■ **Task prompt**:
Your answer should be the data below, reproduced with nothing changed.

Stored data:
*** Block opens ***

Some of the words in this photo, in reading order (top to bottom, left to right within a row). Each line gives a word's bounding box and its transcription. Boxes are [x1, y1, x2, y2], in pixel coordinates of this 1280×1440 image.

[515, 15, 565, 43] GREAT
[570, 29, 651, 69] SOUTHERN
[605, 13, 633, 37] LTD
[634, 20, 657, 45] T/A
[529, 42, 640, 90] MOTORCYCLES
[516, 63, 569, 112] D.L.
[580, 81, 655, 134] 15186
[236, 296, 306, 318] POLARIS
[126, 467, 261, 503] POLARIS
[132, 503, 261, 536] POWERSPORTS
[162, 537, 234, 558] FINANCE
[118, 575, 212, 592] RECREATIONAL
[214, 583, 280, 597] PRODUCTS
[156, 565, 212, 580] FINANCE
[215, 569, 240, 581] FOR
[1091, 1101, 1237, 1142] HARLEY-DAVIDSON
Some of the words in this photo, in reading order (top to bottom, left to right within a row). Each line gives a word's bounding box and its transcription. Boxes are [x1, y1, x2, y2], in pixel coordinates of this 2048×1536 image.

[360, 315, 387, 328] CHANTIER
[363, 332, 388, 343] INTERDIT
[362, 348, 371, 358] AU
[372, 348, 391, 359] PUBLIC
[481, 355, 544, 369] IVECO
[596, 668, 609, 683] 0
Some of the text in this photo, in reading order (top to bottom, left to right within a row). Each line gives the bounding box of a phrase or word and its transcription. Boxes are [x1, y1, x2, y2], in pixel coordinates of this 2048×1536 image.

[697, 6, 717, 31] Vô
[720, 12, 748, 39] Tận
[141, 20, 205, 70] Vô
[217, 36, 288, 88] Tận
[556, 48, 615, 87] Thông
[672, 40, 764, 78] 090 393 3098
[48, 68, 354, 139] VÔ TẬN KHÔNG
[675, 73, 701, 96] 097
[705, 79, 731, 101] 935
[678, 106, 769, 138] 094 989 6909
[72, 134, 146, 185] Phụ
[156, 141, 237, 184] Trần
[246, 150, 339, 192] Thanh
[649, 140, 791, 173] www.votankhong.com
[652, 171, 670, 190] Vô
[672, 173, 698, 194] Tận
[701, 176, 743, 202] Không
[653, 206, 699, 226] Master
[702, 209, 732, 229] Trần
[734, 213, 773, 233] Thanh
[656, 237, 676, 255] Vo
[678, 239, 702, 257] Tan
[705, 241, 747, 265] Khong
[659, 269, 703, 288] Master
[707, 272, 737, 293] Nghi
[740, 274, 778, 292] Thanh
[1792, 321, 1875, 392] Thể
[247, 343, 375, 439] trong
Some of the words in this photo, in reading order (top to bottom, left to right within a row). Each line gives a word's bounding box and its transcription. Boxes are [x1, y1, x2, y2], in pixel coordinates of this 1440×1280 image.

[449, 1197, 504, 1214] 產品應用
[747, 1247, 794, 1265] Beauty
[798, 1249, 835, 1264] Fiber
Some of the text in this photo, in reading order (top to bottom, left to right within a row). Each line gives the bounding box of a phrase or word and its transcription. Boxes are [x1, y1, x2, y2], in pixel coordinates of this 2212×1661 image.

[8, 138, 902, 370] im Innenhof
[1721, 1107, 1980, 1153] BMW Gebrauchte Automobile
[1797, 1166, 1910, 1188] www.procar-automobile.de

*** Block closes ***

■ **Problem solution**:
Some of the words in this photo, in reading order (top to bottom, left to right within a row). Each line gives a word's bounding box and its transcription. Boxes are [x1, y1, x2, y2], in pixel coordinates of this 1280×1440 image.

[515, 15, 565, 43] GREAT
[570, 29, 651, 69] SOUTHERN
[605, 13, 633, 37] LTD
[634, 20, 657, 45] T/A
[529, 42, 640, 90] MOTORCYCLES
[516, 63, 569, 112] D.L.
[580, 81, 655, 134] 15186
[236, 296, 306, 318] POLARIS
[126, 467, 261, 503] POLARIS
[132, 503, 261, 536] POWERSPORTS
[162, 537, 234, 558] FINANCE
[118, 575, 212, 592] RECREATIONAL
[214, 583, 280, 597] PRODUCTS
[156, 565, 212, 580] FINANCE
[215, 569, 240, 581] FOR
[1091, 1101, 1237, 1142] HARLEY-DAVIDSON
Some of the words in this photo, in reading order (top to bottom, left to right within a row). Each line gives a word's bounding box and its transcription. Boxes are [x1, y1, x2, y2], in pixel coordinates of this 2048×1536 image.

[360, 315, 387, 328] CHANTIER
[363, 332, 388, 343] INTERDIT
[362, 348, 371, 358] AU
[372, 348, 391, 359] PUBLIC
[481, 355, 544, 369] IVECO
[596, 668, 609, 683] 0
Some of the text in this photo, in reading order (top to bottom, left to right within a row). Each line gives the bounding box of a phrase or word and its transcription. Boxes are [x1, y1, x2, y2], in pixel coordinates of this 2048×1536 image.

[697, 6, 717, 31] Vô
[720, 12, 748, 39] Tận
[141, 20, 205, 70] Vô
[217, 36, 288, 88] Tận
[556, 48, 615, 87] Thông
[672, 40, 764, 78] 090 393 3098
[48, 68, 354, 139] VÔ TẬN KHÔNG
[675, 73, 701, 96] 097
[705, 79, 731, 101] 935
[678, 106, 769, 138] 094 989 6909
[72, 134, 146, 185] Phụ
[156, 141, 237, 184] Trần
[246, 150, 339, 192] Thanh
[649, 140, 791, 173] www.votankhong.com
[652, 171, 670, 190] Vô
[672, 173, 698, 194] Tận
[701, 176, 743, 202] Không
[653, 206, 699, 226] Master
[702, 209, 732, 229] Trần
[734, 213, 773, 233] Thanh
[656, 237, 676, 255] Vo
[678, 239, 702, 257] Tan
[705, 241, 747, 265] Khong
[659, 269, 703, 288] Master
[707, 272, 737, 293] Nghi
[740, 274, 778, 292] Thanh
[1792, 321, 1875, 392] Thể
[247, 343, 375, 439] trong
Some of the words in this photo, in reading order (top to bottom, left to right within a row). Each line gives a word's bounding box and its transcription. Boxes are [x1, y1, x2, y2], in pixel coordinates of this 1440×1280 image.

[449, 1197, 504, 1214] 產品應用
[747, 1247, 794, 1265] Beauty
[798, 1249, 835, 1264] Fiber
Some of the text in this photo, in reading order (top to bottom, left to right within a row). Each line gives the bounding box of a phrase or word and its transcription. Boxes are [x1, y1, x2, y2], in pixel coordinates of this 2212×1661 image.

[8, 138, 902, 370] im Innenhof
[1721, 1107, 1980, 1153] BMW Gebrauchte Automobile
[1797, 1166, 1910, 1188] www.procar-automobile.de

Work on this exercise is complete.